* TASK *
Your job is to return each record exactly, minus any pictures.

────────────────────

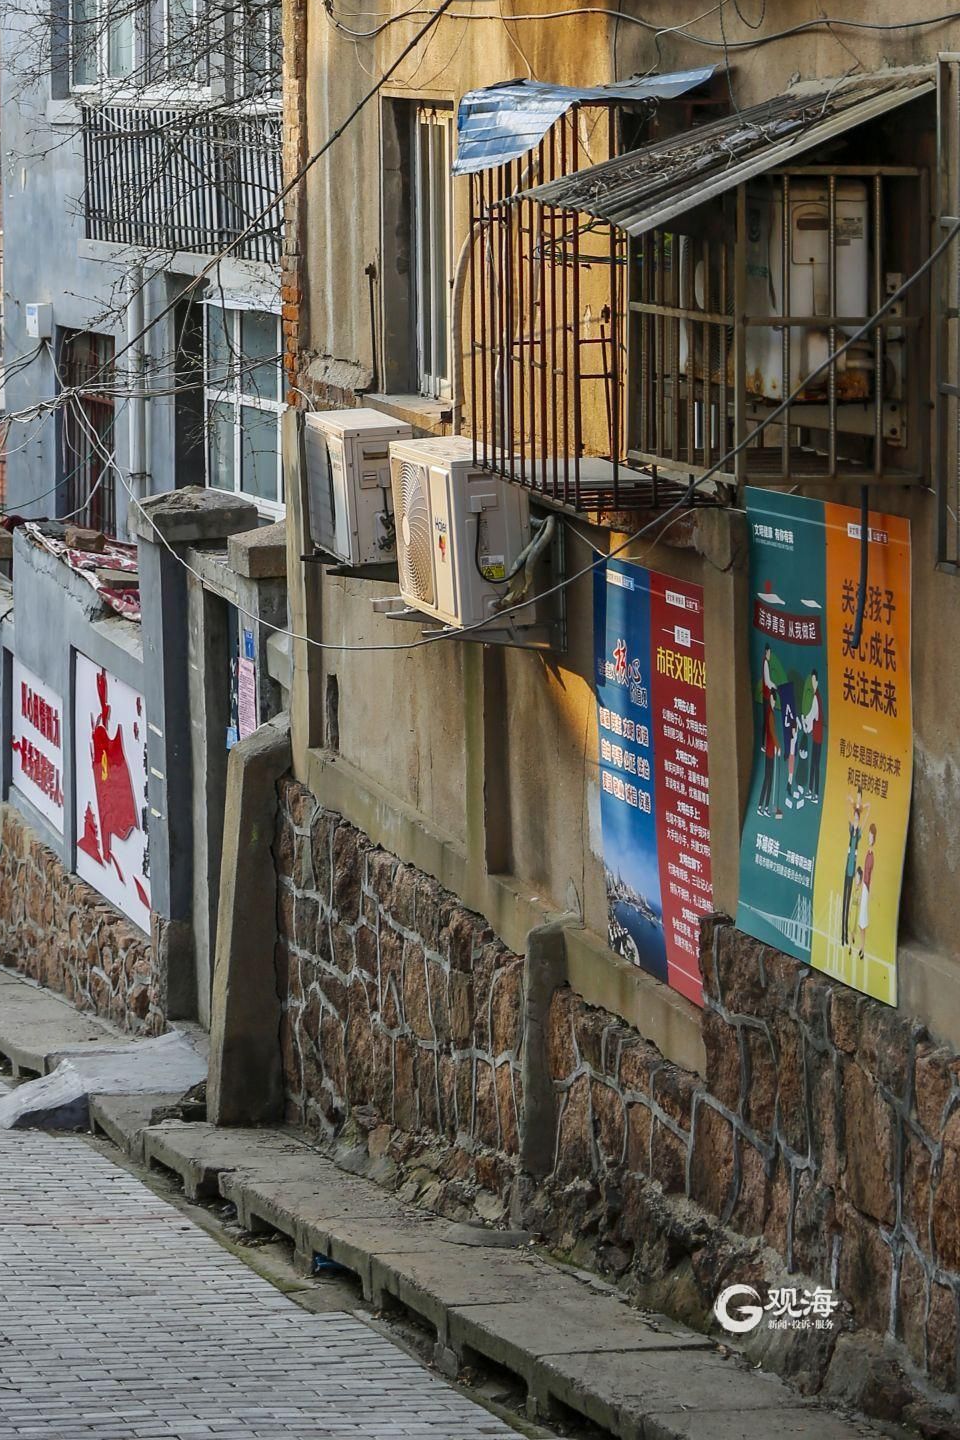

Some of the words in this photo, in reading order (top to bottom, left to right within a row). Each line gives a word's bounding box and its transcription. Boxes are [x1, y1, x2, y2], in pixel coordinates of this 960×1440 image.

[842, 578, 896, 626] 关孩子
[759, 606, 785, 636] 洁净青岛
[788, 619, 817, 641] 从我做起
[843, 667, 897, 718] 关注未来
[840, 738, 902, 777] 青少年是国家的未来
[848, 766, 889, 800] 和民族的希望

────────────────────

* WRITTEN SOLUTION *
Some of the words in this photo, in reading order (top to bottom, left to right within a row). Each line gives a word's bounding box and its transcription. Boxes are [x1, y1, x2, y2], in pixel coordinates of this 960×1440 image.

[842, 578, 896, 626] 关孩子
[759, 606, 785, 636] 洁净青岛
[788, 619, 817, 641] 从我做起
[843, 667, 897, 718] 关注未来
[840, 738, 902, 777] 青少年是国家的未来
[848, 766, 889, 800] 和民族的希望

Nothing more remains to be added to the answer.